If the problem is that you want to see tensor values in a JIT'ed function, use a host callback. You can run actual Python wherever you want: https://jax.readthedocs.io/en/latest/jax.experimental.host_c...
> This module introduces the host callback functions call(), id_tap(), and id_print(), that send their arguments from the device to the host and invoke user-defined Python functions on the host, optionally returning results back to the device computation.
The nice part is, there's no "magic" under the hood. If you get a chance, I highly recommend reading through Autodidax: https://jax.readthedocs.io/en/latest/autodidax.html
Autodidax is a pure-python implementation of jax. (Literally in one file, on that page.) It walks you through how every aspect of jax works.
Delightfully, I found a secret branch where autodidax also implements host callbacks: https://github.com/google/jax/blob/effect-types/docs/autodid...
If you scroll to the very bottom of that file, you'll see an example of compiling your own XLA JIT'ed code which subsequently calls back into Python. TPUs do precisely the same thing.
> PyTorch, for better or for worse, will actually run your Python code as you wrote it.
... is also true of jax, to within a rounding error less than "I personally don't mind writing id_print(x) instead of print(x)." :)
When tpu SSH first came out, I immediately went to my pytorch buddy (who became famous in the meantime by pioneering the CLIP AI art you’ve probably been seeing: https://mobile.twitter.com/rivershavewings) and said “Rivers, you have to try TPUs! They’re wonderful! Now you can run pytorch on them directly!”
She was skeptical, because she’d had nothing but endless problems with the official pytorch TPU notebooks (which use a TPU in “remote” mode, aka it fires up an RPC server you attach to).
“No no, trust me — I bet their rpc driver was just horrible. It can’t be true that the Pytorch XLA backend is terrible on TPUs. How could that be? Facebook makes awesome software, and they’ve worked on this for so long. Some intern probably wrote the rpc system or something. Anyway, you can SSH into mine! See, no RPC server! What’s your pubkey?”
A few hours later, she reported that it froze in exactly the same place.
I could hardly believe it. I was so upset that I dug really deeply to try to figure out what the heck the problem was.
It was recompiling itself. Every.
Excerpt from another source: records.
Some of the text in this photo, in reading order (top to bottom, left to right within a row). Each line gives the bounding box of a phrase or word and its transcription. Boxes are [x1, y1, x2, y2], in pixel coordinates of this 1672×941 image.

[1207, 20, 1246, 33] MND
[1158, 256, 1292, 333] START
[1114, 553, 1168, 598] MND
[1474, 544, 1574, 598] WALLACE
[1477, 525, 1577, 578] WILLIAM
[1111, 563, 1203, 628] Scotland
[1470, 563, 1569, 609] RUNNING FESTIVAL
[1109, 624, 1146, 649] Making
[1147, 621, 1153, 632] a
Inference.
Every compile took 15 minutes.
Their XLA backend is so far behind Jax that it’s not even a contest.
Worse, I’ve since realized why they can’t fix the problem. JAX gives you precise control over which functions get JIT’ed (compiled into XLA), and when that happens.
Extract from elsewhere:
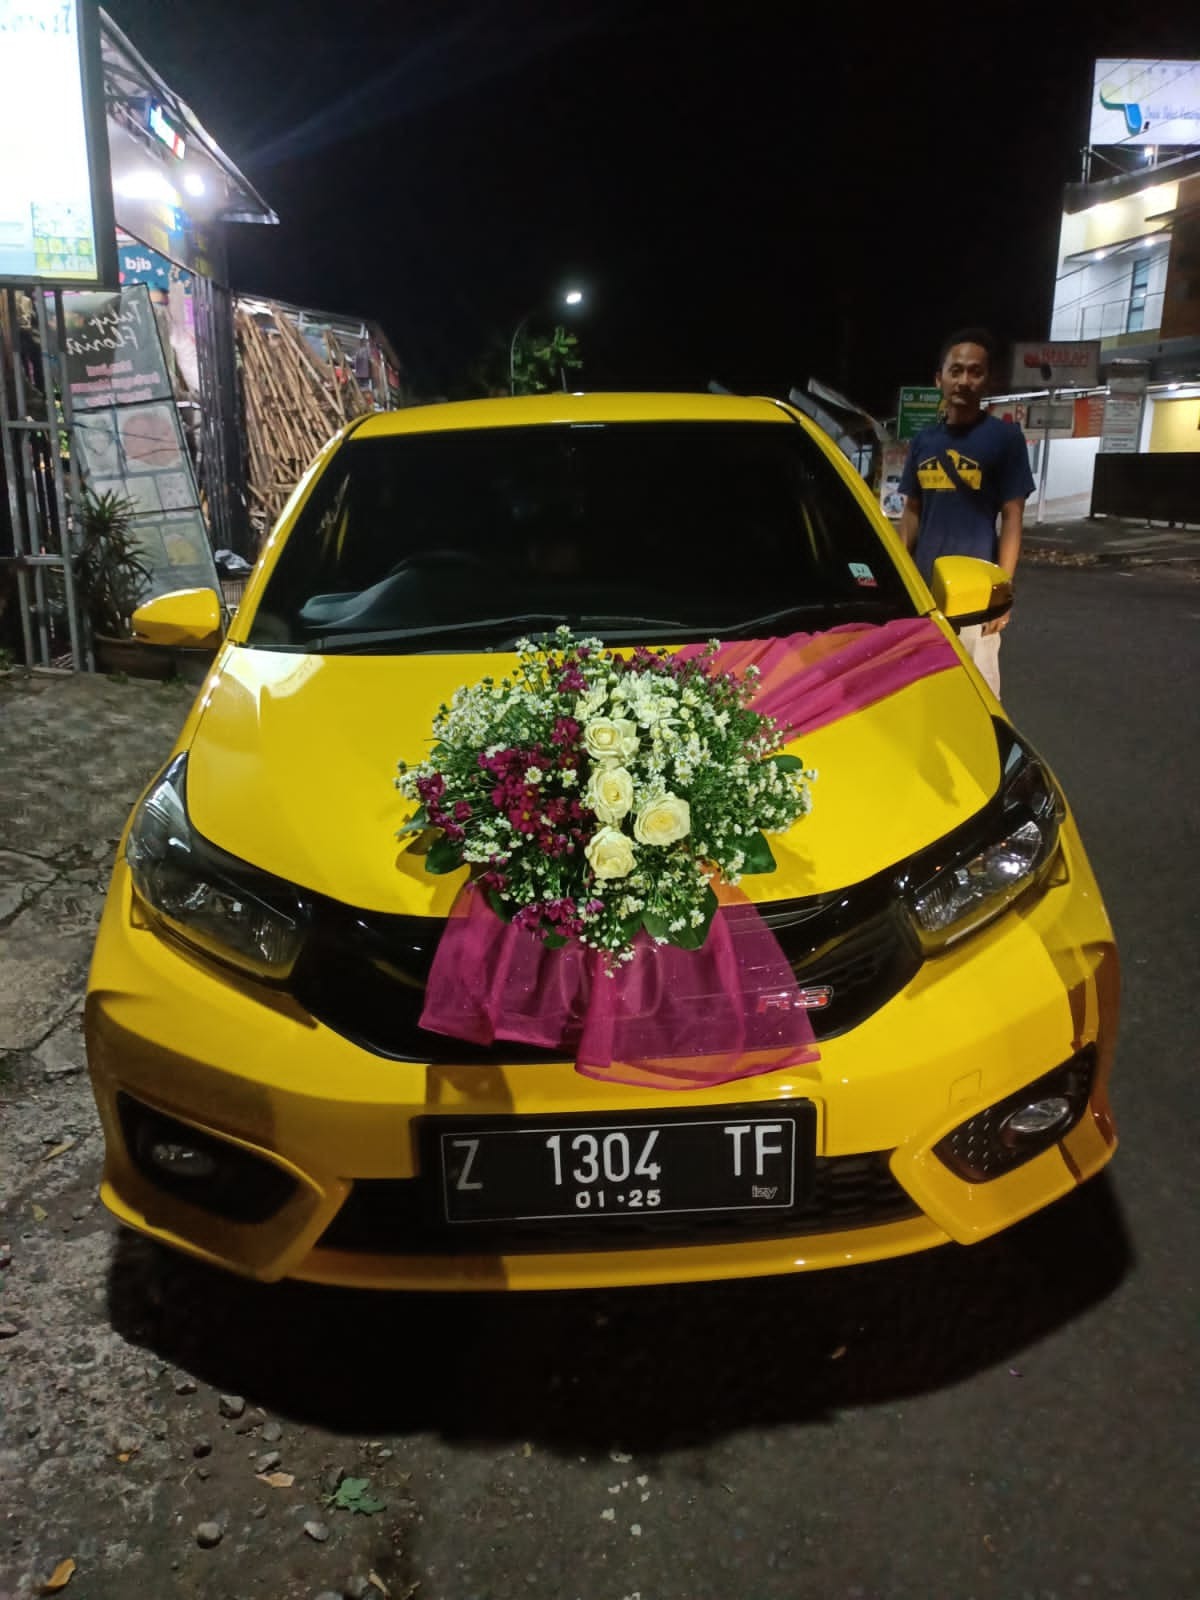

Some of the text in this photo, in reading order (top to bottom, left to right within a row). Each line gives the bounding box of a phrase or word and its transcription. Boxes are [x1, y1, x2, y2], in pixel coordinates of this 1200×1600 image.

[125, 257, 152, 273] bjb
[452, 1124, 783, 1191] Z 1304 TF
Pytorch doesn’t. There’s no @torch.jit decorator for your functions.
That means they need to infer which parts to jit (the inference model), and which parts not to (the inference loop).
The moment that magic fails, congrats; it’s now recompiling every iteration. (15 min per iteration is impressive, since usually it’s measured in “iterations per second”…)
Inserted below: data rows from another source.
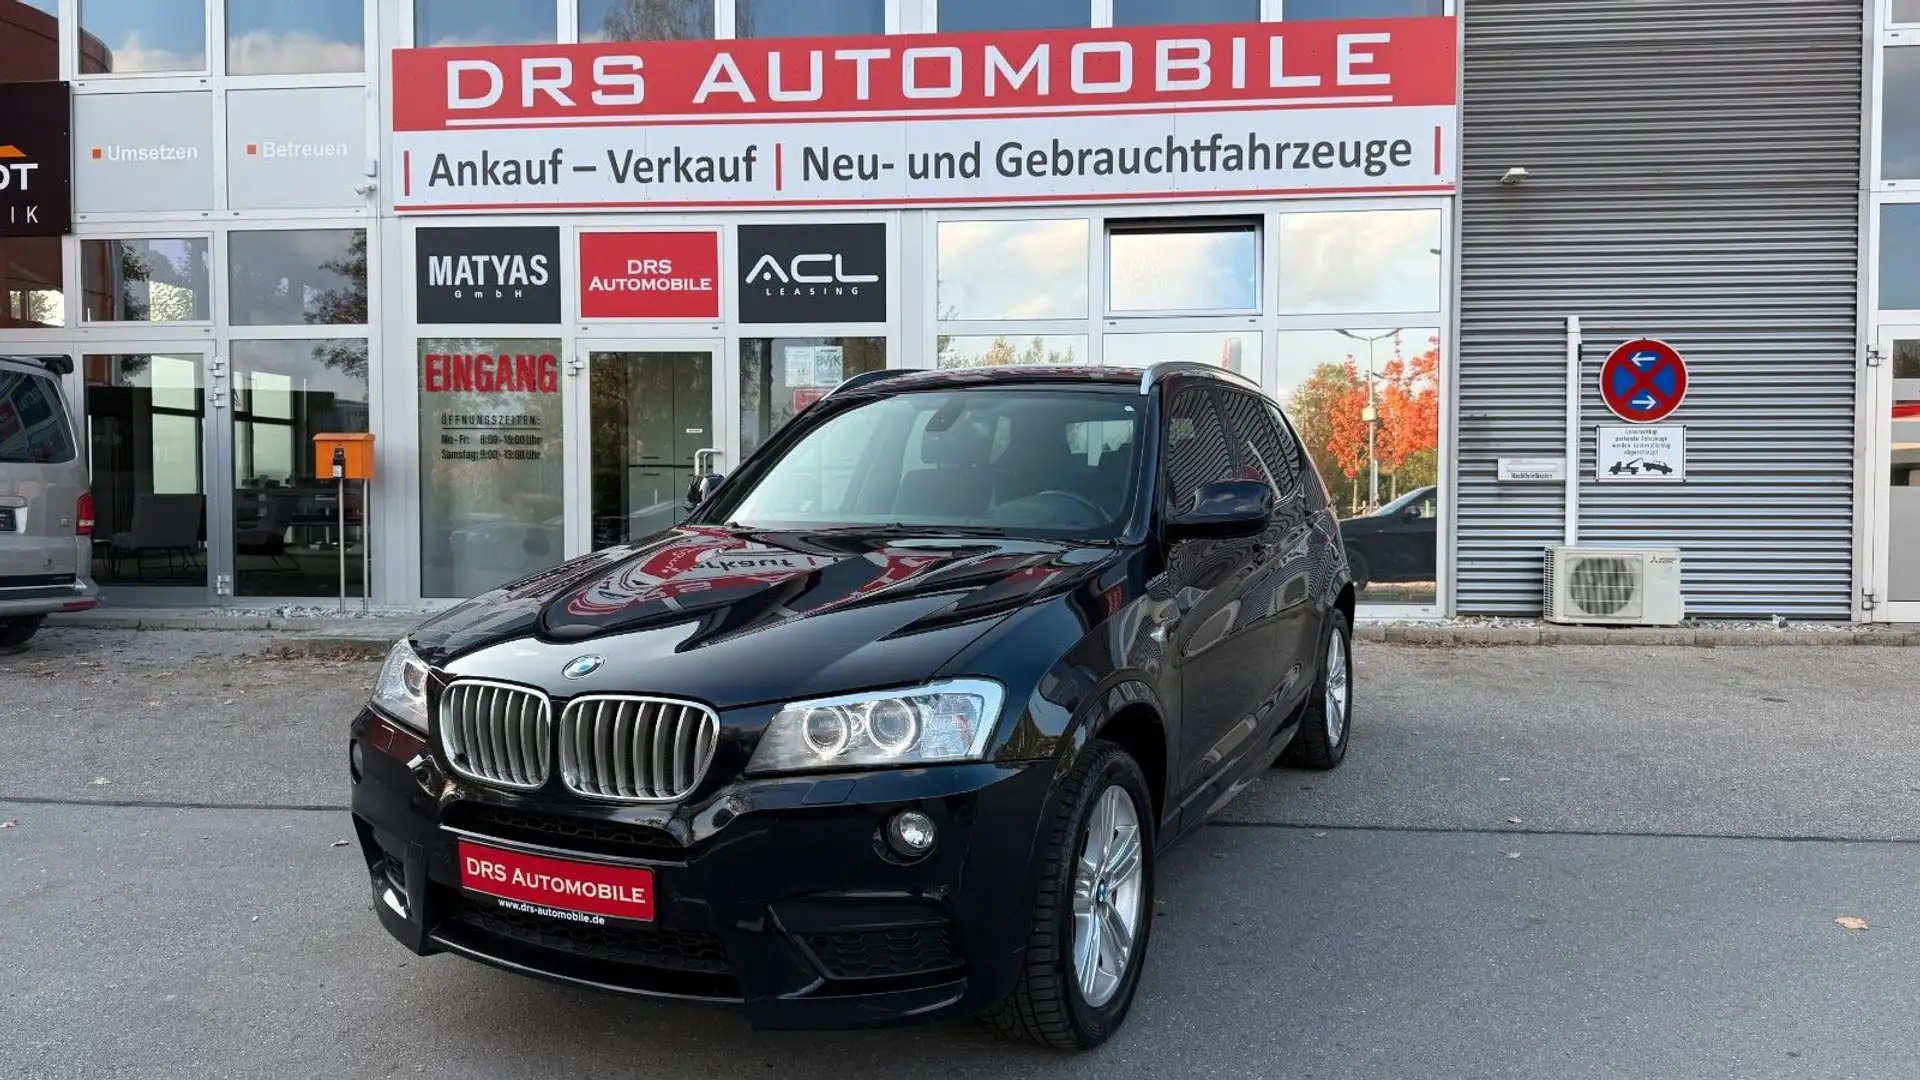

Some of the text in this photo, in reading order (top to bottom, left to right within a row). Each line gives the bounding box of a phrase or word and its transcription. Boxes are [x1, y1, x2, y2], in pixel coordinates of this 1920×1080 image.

[445, 32, 1392, 110] DRS AUTOMOBILE
[107, 144, 198, 161] Umsetzen
[262, 141, 348, 158] Betreuen
[803, 132, 1413, 181] Neu- und Gebrauchtfahrzeuge
[428, 147, 564, 188] Ankauf
[607, 144, 757, 184] Verkauf
[428, 254, 549, 287] MATYAS
[627, 259, 672, 275] DRS
[745, 253, 879, 284] ACL
[454, 289, 522, 299] GmbH
[588, 275, 713, 292] AUTOMOBILE
[766, 286, 859, 297] LEASING
[425, 354, 557, 392] EINGANG
[526, 434, 543, 445] Uhr
[526, 449, 542, 460] Uhr
[466, 857, 646, 904] DRS AUTOMOBILE
[498, 898, 605, 925] www.drs-automobile.de
JAX even has a TPU compiler cache now, which persists across Python runs. It’s like MacOS in 2021 vs Windows in 1995.
This is deeply frustrating to me, because there’s no reason for it — I don’t know if Facebook is intentionally kneecapping pytorch to keep people off of TPUs, or if it’s just run of the mill incompetence. But (like Windows 95) they’re going to discover they’re not the only game in town forever.
I guess in Jax you'd just only apply `jax.jit` to the parts where the compute graph is static? I'd be curious to see examples of how this works in practice. Fwiw, there's an offshoot of pytorch that is aiming to provide this sort of API (see https://github.com/pytorch/functorch and look at eager_compilation.py).
(Disclaimer: I worked on this until quite recently.)